TASK INPUTS:
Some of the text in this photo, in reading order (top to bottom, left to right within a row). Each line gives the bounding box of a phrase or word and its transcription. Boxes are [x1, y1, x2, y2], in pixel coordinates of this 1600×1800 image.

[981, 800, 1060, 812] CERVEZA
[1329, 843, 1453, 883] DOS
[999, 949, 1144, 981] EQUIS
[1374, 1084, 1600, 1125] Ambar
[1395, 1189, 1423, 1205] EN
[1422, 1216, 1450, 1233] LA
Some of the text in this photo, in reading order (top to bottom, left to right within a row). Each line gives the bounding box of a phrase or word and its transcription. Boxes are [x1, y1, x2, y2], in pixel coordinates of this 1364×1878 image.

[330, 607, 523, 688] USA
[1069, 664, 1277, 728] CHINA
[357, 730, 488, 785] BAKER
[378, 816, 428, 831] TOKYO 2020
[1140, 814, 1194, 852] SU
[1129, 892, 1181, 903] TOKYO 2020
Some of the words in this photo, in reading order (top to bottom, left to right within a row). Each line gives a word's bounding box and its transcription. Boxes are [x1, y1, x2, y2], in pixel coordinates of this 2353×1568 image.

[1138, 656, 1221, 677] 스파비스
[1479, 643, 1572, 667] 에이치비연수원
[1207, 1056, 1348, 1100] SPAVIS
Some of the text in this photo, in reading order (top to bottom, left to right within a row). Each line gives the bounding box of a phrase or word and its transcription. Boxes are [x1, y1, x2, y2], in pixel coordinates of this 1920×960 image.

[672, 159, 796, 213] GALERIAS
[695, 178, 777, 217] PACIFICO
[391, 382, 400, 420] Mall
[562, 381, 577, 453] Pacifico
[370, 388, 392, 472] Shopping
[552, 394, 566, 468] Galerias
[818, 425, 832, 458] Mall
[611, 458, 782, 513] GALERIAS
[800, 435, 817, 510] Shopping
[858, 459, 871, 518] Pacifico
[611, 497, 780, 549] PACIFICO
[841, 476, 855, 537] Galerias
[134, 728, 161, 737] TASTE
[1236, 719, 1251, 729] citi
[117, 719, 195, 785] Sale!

ASSIGNED TASK: All of the material must be given again exactly.

WRITTEN REPLY:
Some of the text in this photo, in reading order (top to bottom, left to right within a row). Each line gives the bounding box of a phrase or word and its transcription. Boxes are [x1, y1, x2, y2], in pixel coordinates of this 1600×1800 image.

[981, 800, 1060, 812] CERVEZA
[1329, 843, 1453, 883] DOS
[999, 949, 1144, 981] EQUIS
[1374, 1084, 1600, 1125] Ambar
[1395, 1189, 1423, 1205] EN
[1422, 1216, 1450, 1233] LA
Some of the text in this photo, in reading order (top to bottom, left to right within a row). Each line gives the bounding box of a phrase or word and its transcription. Boxes are [x1, y1, x2, y2], in pixel coordinates of this 1364×1878 image.

[330, 607, 523, 688] USA
[1069, 664, 1277, 728] CHINA
[357, 730, 488, 785] BAKER
[378, 816, 428, 831] TOKYO 2020
[1140, 814, 1194, 852] SU
[1129, 892, 1181, 903] TOKYO 2020
Some of the words in this photo, in reading order (top to bottom, left to right within a row). Each line gives a word's bounding box and its transcription. Boxes are [x1, y1, x2, y2], in pixel coordinates of this 2353×1568 image.

[1138, 656, 1221, 677] 스파비스
[1479, 643, 1572, 667] 에이치비연수원
[1207, 1056, 1348, 1100] SPAVIS
Some of the text in this photo, in reading order (top to bottom, left to right within a row). Each line gives the bounding box of a phrase or word and its transcription. Boxes are [x1, y1, x2, y2], in pixel coordinates of this 1920×960 image.

[672, 159, 796, 213] GALERIAS
[695, 178, 777, 217] PACIFICO
[391, 382, 400, 420] Mall
[562, 381, 577, 453] Pacifico
[370, 388, 392, 472] Shopping
[552, 394, 566, 468] Galerias
[818, 425, 832, 458] Mall
[611, 458, 782, 513] GALERIAS
[800, 435, 817, 510] Shopping
[858, 459, 871, 518] Pacifico
[611, 497, 780, 549] PACIFICO
[841, 476, 855, 537] Galerias
[134, 728, 161, 737] TASTE
[1236, 719, 1251, 729] citi
[117, 719, 195, 785] Sale!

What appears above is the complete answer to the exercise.